* [Your task]: Could you restate the entries word for word, without the images?

* [Exercise materials]:
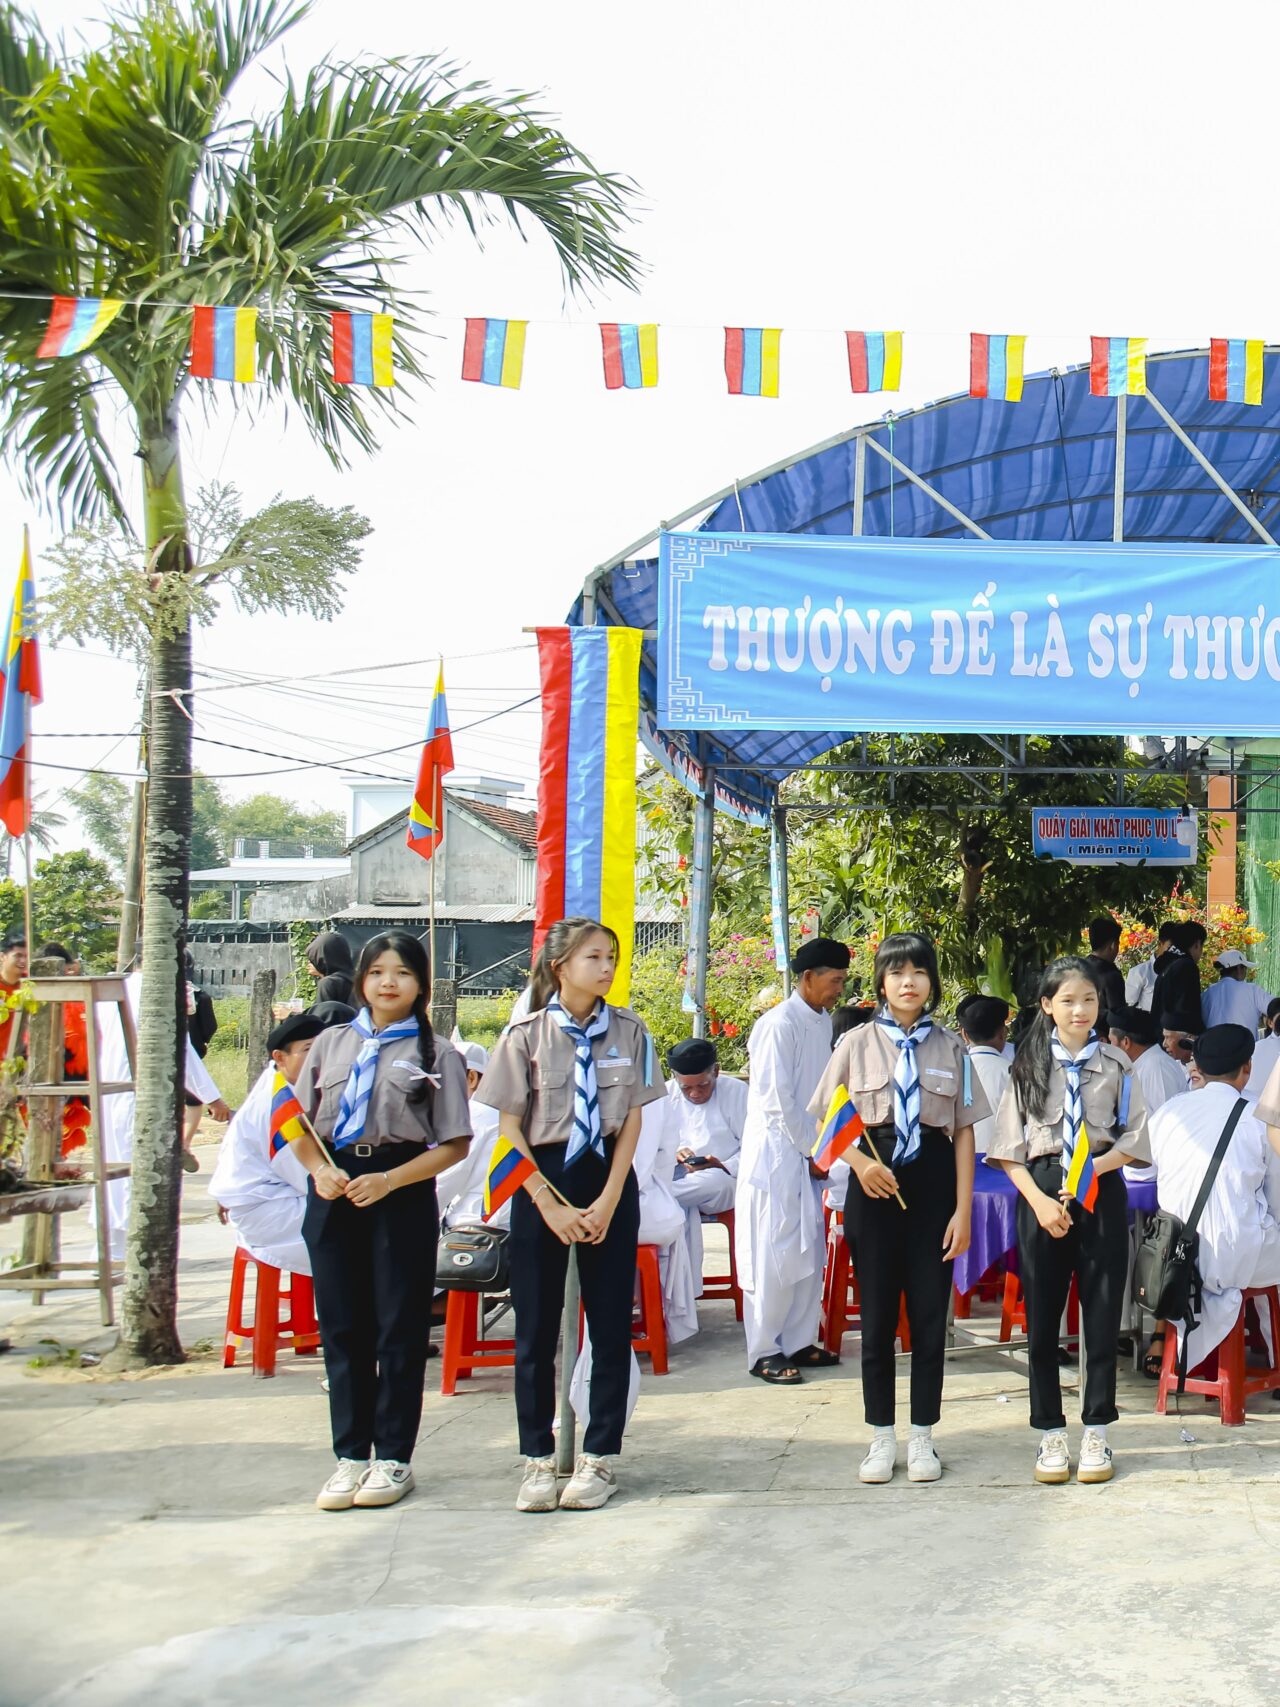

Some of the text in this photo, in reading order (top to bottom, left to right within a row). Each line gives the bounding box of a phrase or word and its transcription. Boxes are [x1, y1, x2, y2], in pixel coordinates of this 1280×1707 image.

[703, 595, 915, 692] THƯỢNG
[929, 581, 997, 677] ĐẾ
[1010, 593, 1073, 678] LÀ
[1087, 602, 1153, 698] SỰ
[1069, 811, 1091, 839] GIẢI
[1093, 813, 1121, 839] KHÁT
[1123, 817, 1152, 843] PHỤC
[1154, 817, 1169, 843] VỤ

* [Reply]:
Some of the text in this photo, in reading order (top to bottom, left to right within a row). Each line gives the bounding box of a phrase or word and its transcription. Boxes are [x1, y1, x2, y2], in pixel coordinates of this 1280×1707 image.

[703, 595, 915, 692] THƯỢNG
[929, 581, 997, 677] ĐẾ
[1010, 593, 1073, 678] LÀ
[1087, 602, 1153, 698] SỰ
[1069, 811, 1091, 839] GIẢI
[1093, 813, 1121, 839] KHÁT
[1123, 817, 1152, 843] PHỤC
[1154, 817, 1169, 843] VỤ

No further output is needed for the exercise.